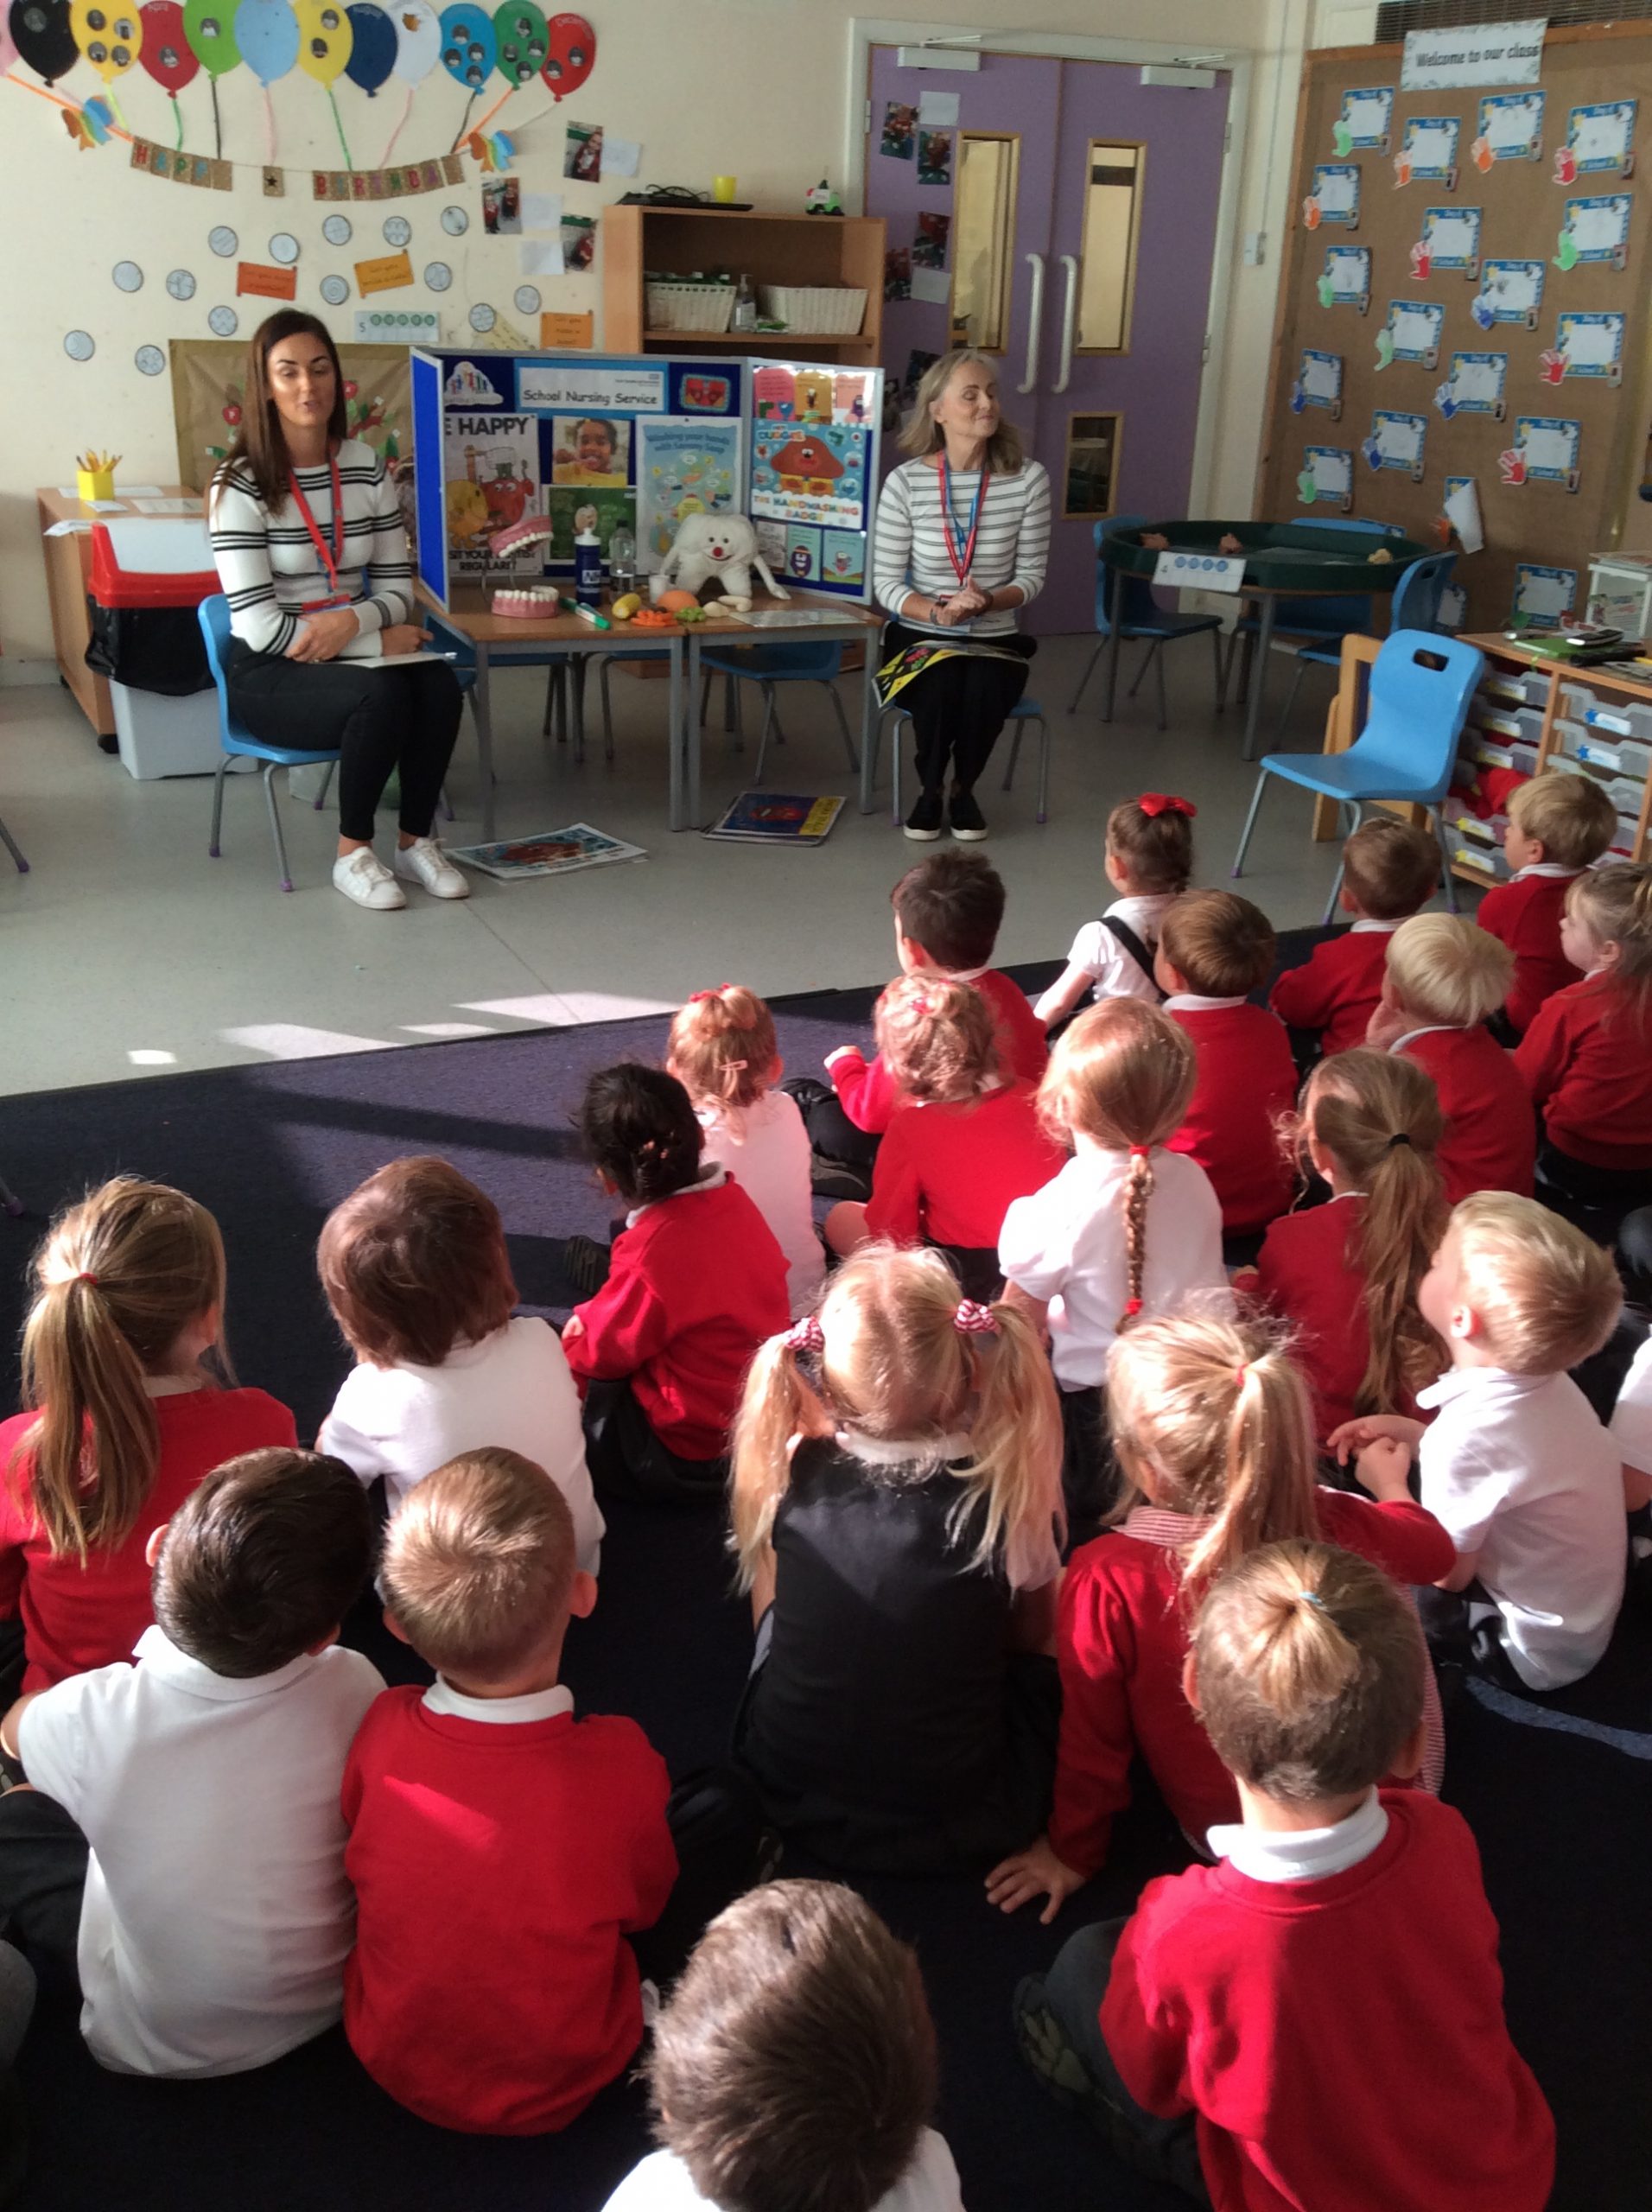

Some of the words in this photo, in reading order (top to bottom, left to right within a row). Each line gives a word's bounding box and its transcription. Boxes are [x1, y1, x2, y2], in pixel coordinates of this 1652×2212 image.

[1416, 50, 1465, 67] Welcome
[1468, 49, 1481, 63] to
[1484, 48, 1505, 60] our
[1508, 42, 1539, 58] class
[523, 389, 561, 402] School
[566, 391, 610, 406] Nursing
[614, 392, 658, 405] Service
[444, 417, 452, 435] E
[458, 417, 529, 435] HAPPY
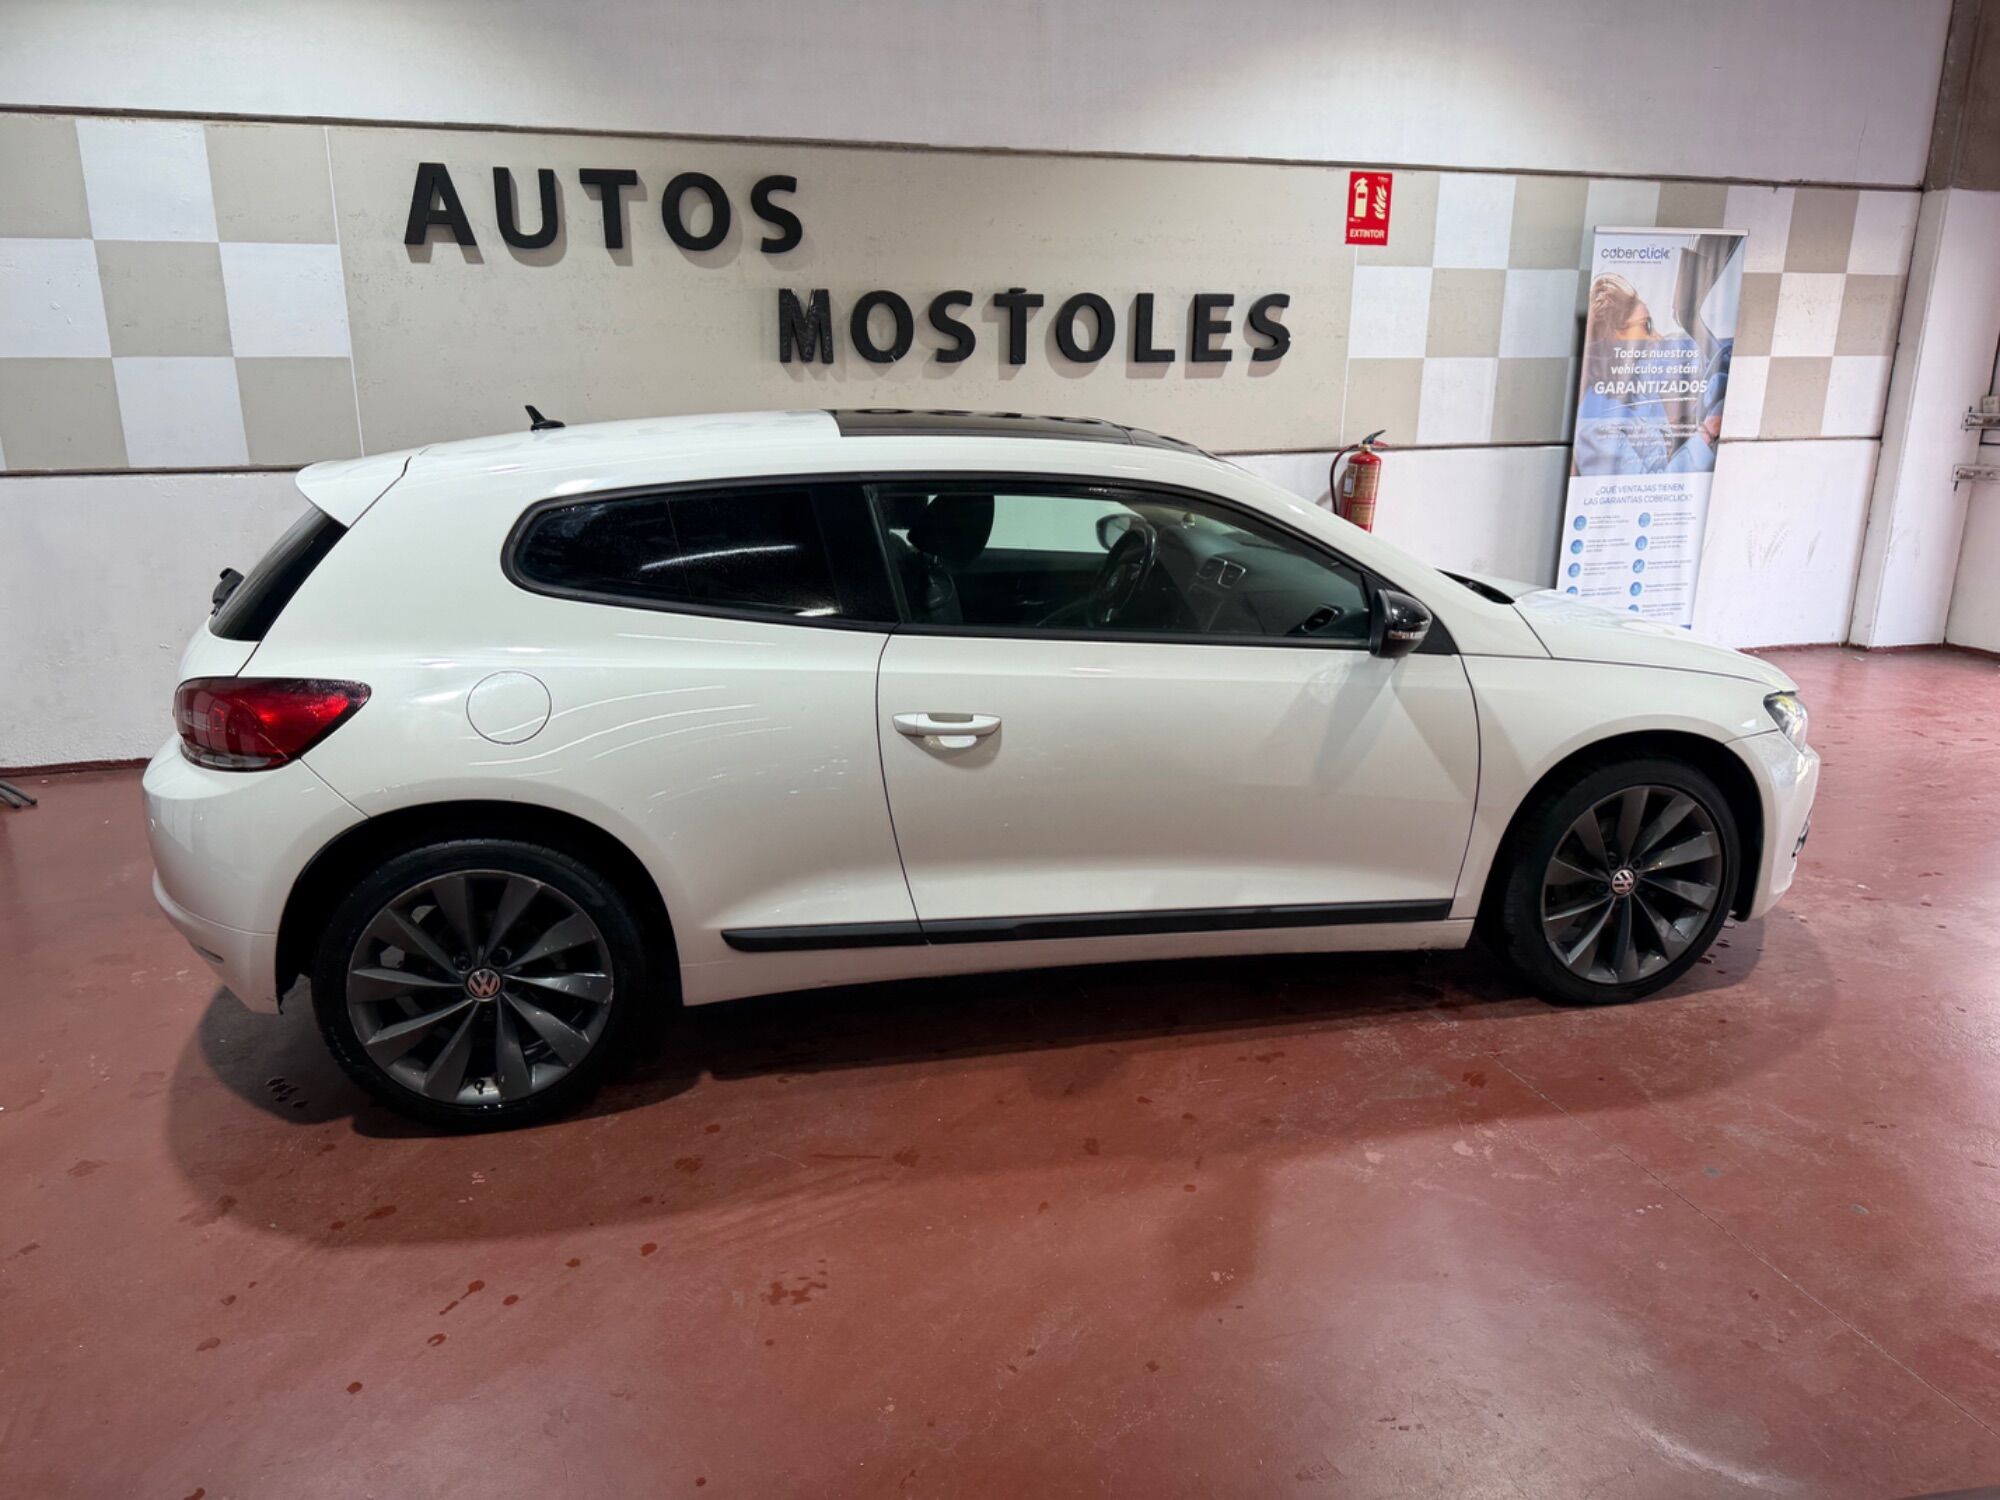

----------

_WHAT IS BEING ASKED_:
Output the data above in full. Skip every picture.

_RESPONSE TO THIS TASK_:
Some of the words in this photo, in reading order (top to bottom, left to right within a row). Each line gives a word's bounding box and its transcription. Boxes are [x1, y1, x2, y2], in pixel coordinates of this 1652×2212 image.

[1416, 50, 1465, 67] Welcome
[1468, 49, 1481, 63] to
[1484, 48, 1505, 60] our
[1508, 42, 1539, 58] class
[523, 389, 561, 402] School
[566, 391, 610, 406] Nursing
[614, 392, 658, 405] Service
[444, 417, 452, 435] E
[458, 417, 529, 435] HAPPY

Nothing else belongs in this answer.